Author: John Richard Edwards
Publisher: Routledge
Published: 2020-04-15
Total Pages: 786
ISBN-13: 1351238868
DOWNLOAD EBOOKThe Routledge Companion to Accounting History presents a single-volume synthesis of research in this expanding field, exploring and analysing accounting from ancient civilisations to the modern day. No longer perceived as the narrow study of how a mysterious technique was used in past, the scope of accounting history has widened substantially. This revised and updated volume moves beyond the history of accounting technologies, accounting theories and practices and the accountants who applied them. Expert contributors from around the world explore the interfaces between accounting and the economy, society, culture and the polity. Accounting history is shown to offer important insights into such disparate phenomena as the evolution of capitalism, control of labour, gender and family relationships, racial exploitation, the operation of religious organisations, and the functioning of the state. Illuminating the foundation and development of accounting systems, this updated, classic book opens the field to a new generation of accounting scholars and historians around the world.

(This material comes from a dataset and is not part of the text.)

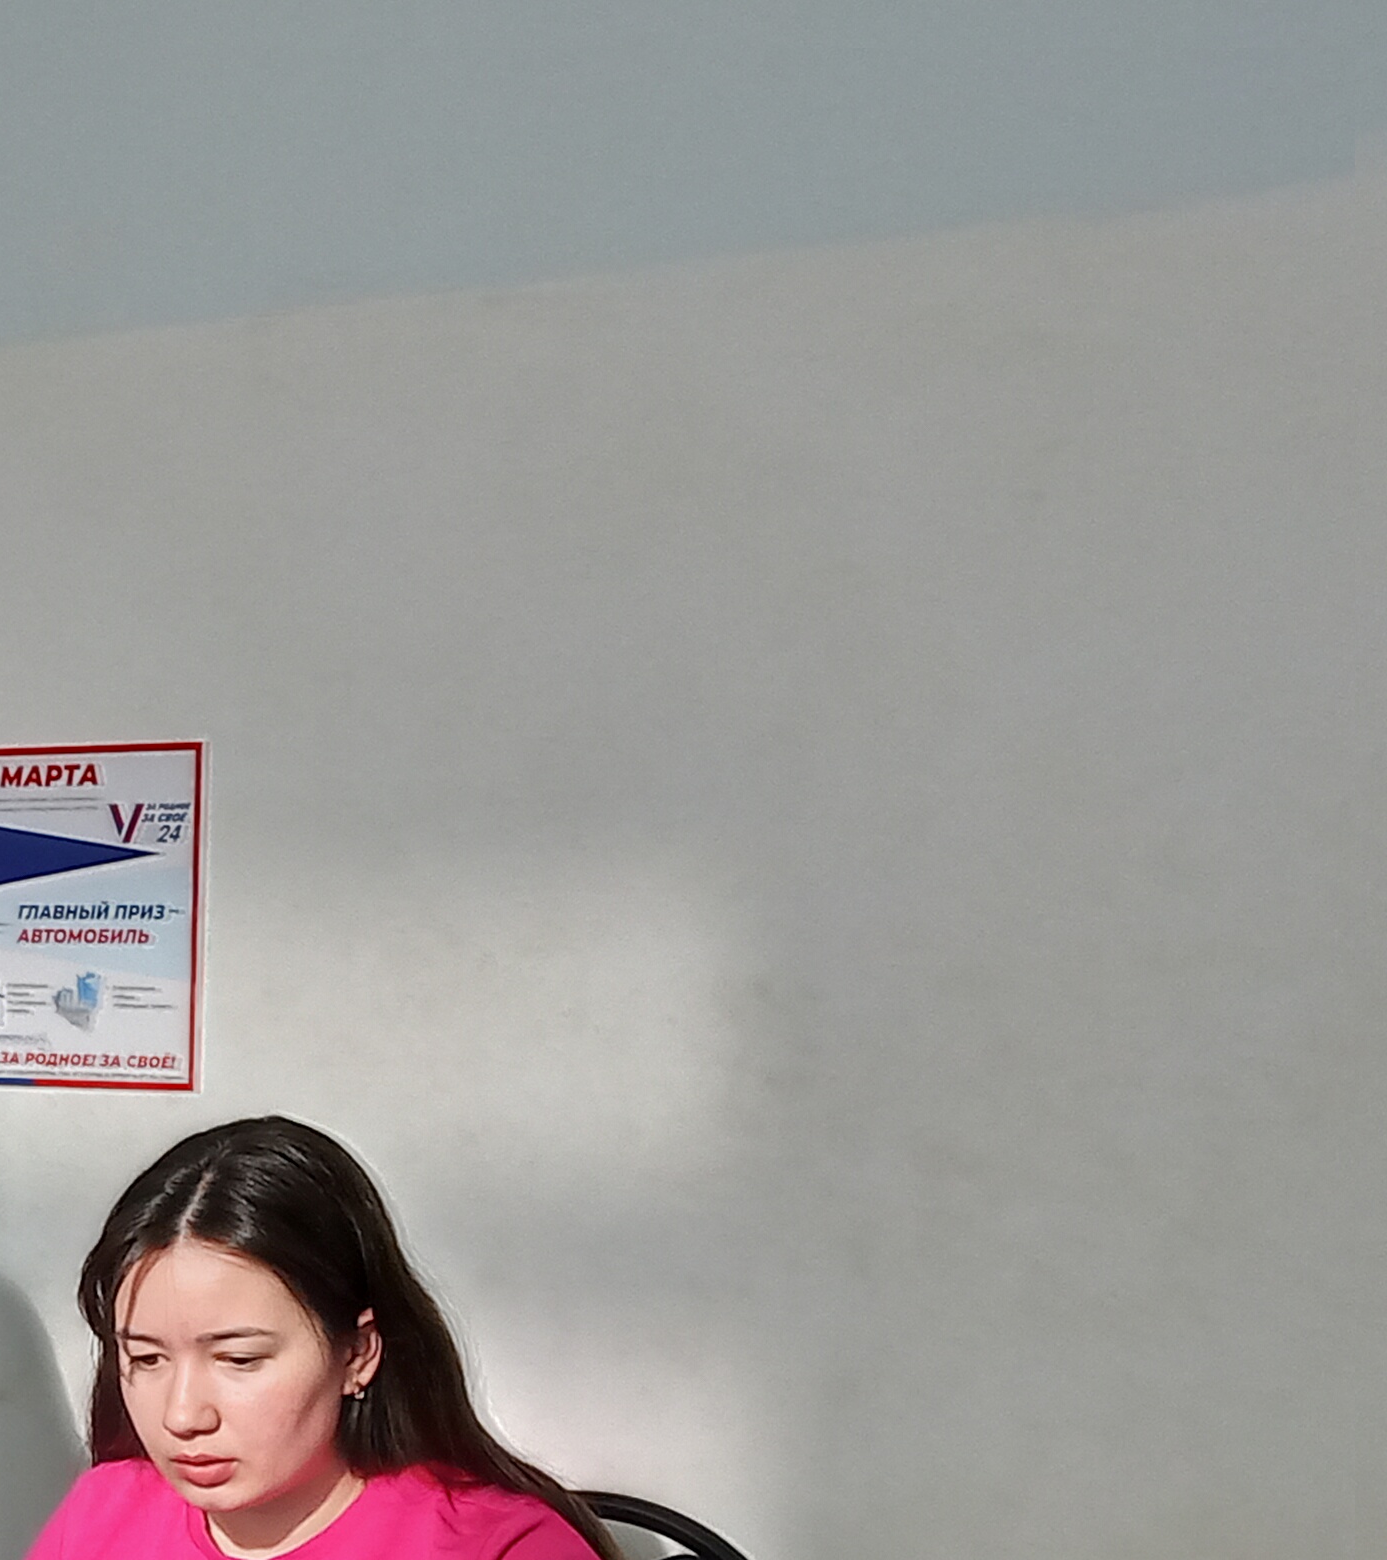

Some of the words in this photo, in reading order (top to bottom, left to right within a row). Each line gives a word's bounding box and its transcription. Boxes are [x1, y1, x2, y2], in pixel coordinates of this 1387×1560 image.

Author: Patrizia Kokot-Blamey
Publisher: Oxford University Press
Published: 2023-07-19
Total Pages: 225
ISBN-13: 0198880960
DOWNLOAD EBOOKAccountancy is an elite profession, wielding its influence in every step we take in business and political life, from takeover to bankruptcies and from Brexit to war: we need accountants to help us see the bigger picture and to enable us to trust one another in public life. But for much of the profession's history, women were excluded from it and, while we have seen great advances in women's access to the profession, women remain significantly underrepresented at the top of the hierarchy and amid partnership ranks across the industry and globally. Importantly, there are noteworthy differences in the severity of this underrepresentation across national borders which remain underexplored. Gendered Hierarchies of Dependency considers this underrepresentation of women at partnership level cross-nationally and through a feminist lens, analysing interviews with female partners in Germany and the United Kingdom. In doing so, Kokot-Blamey innovatively merges insights from accountancy and organization studies, political economy, and the feminist ethics of care literature to contribute to contemporary debates about women at work, neoliberalism and the capitalist fiction of the autonomous self. Beyond career advancement to partnership, Kokot-Blamey examines several timely issues such as the persistence of discrimination and sexism at work, motherhood, and weathering recessions and economic crises in accountancy. Revealing important insights into the day-to-day working and private lives of modern elites, this book shows how hierarchies are negotiated differently across borders, but that the outcomes are always gendered.